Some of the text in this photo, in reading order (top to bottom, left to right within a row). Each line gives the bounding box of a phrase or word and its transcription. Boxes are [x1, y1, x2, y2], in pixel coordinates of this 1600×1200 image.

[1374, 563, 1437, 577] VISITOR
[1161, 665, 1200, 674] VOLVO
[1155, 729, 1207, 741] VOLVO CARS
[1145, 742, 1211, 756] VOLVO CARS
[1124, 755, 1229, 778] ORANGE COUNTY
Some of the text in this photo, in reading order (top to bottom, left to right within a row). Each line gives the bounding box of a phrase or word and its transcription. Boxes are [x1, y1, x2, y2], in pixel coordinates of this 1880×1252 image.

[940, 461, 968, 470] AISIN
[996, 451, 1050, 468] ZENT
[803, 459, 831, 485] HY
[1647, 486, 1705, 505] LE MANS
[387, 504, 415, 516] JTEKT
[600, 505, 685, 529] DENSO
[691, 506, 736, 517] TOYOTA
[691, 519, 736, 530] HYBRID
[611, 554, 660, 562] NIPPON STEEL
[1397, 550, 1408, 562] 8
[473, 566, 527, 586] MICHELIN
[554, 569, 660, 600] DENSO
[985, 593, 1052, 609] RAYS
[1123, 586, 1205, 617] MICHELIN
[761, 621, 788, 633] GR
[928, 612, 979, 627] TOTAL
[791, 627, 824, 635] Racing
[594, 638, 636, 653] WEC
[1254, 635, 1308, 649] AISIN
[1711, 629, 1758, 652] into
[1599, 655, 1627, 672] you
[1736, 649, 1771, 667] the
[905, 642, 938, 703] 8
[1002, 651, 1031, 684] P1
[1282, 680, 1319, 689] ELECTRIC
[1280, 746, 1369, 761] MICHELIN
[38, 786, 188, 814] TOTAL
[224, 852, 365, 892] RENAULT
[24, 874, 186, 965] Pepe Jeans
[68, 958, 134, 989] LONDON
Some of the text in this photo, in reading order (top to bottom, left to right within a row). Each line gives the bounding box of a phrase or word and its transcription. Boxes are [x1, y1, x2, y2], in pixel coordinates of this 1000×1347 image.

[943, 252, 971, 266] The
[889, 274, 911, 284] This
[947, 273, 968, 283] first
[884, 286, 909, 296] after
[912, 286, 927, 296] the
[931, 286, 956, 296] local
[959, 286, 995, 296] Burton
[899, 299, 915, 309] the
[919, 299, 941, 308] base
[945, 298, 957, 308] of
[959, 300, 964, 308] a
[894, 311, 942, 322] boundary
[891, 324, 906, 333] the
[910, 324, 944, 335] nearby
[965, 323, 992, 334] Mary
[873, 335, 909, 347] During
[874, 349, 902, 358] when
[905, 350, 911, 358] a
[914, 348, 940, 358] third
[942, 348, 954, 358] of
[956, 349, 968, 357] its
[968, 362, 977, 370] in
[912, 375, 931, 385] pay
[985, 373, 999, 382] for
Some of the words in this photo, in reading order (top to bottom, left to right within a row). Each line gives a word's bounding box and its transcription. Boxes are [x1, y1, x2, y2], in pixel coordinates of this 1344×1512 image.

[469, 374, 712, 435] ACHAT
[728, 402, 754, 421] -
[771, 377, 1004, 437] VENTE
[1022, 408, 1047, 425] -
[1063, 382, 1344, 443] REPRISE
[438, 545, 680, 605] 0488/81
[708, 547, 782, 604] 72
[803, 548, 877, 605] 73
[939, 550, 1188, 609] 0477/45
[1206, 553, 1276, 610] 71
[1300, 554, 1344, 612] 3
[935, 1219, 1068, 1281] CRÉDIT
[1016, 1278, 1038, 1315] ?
==========
- WHAT THE TASK REQUIRES -
All lines from the one containing "Some of the words" to the last line of the material above must be copied exactly, and only those.

- SOLUTION -
Some of the words in this photo, in reading order (top to bottom, left to right within a row). Each line gives a word's bounding box and its transcription. Boxes are [x1, y1, x2, y2], in pixel coordinates of this 1344×1512 image.

[469, 374, 712, 435] ACHAT
[728, 402, 754, 421] -
[771, 377, 1004, 437] VENTE
[1022, 408, 1047, 425] -
[1063, 382, 1344, 443] REPRISE
[438, 545, 680, 605] 0488/81
[708, 547, 782, 604] 72
[803, 548, 877, 605] 73
[939, 550, 1188, 609] 0477/45
[1206, 553, 1276, 610] 71
[1300, 554, 1344, 612] 3
[935, 1219, 1068, 1281] CRÉDIT
[1016, 1278, 1038, 1315] ?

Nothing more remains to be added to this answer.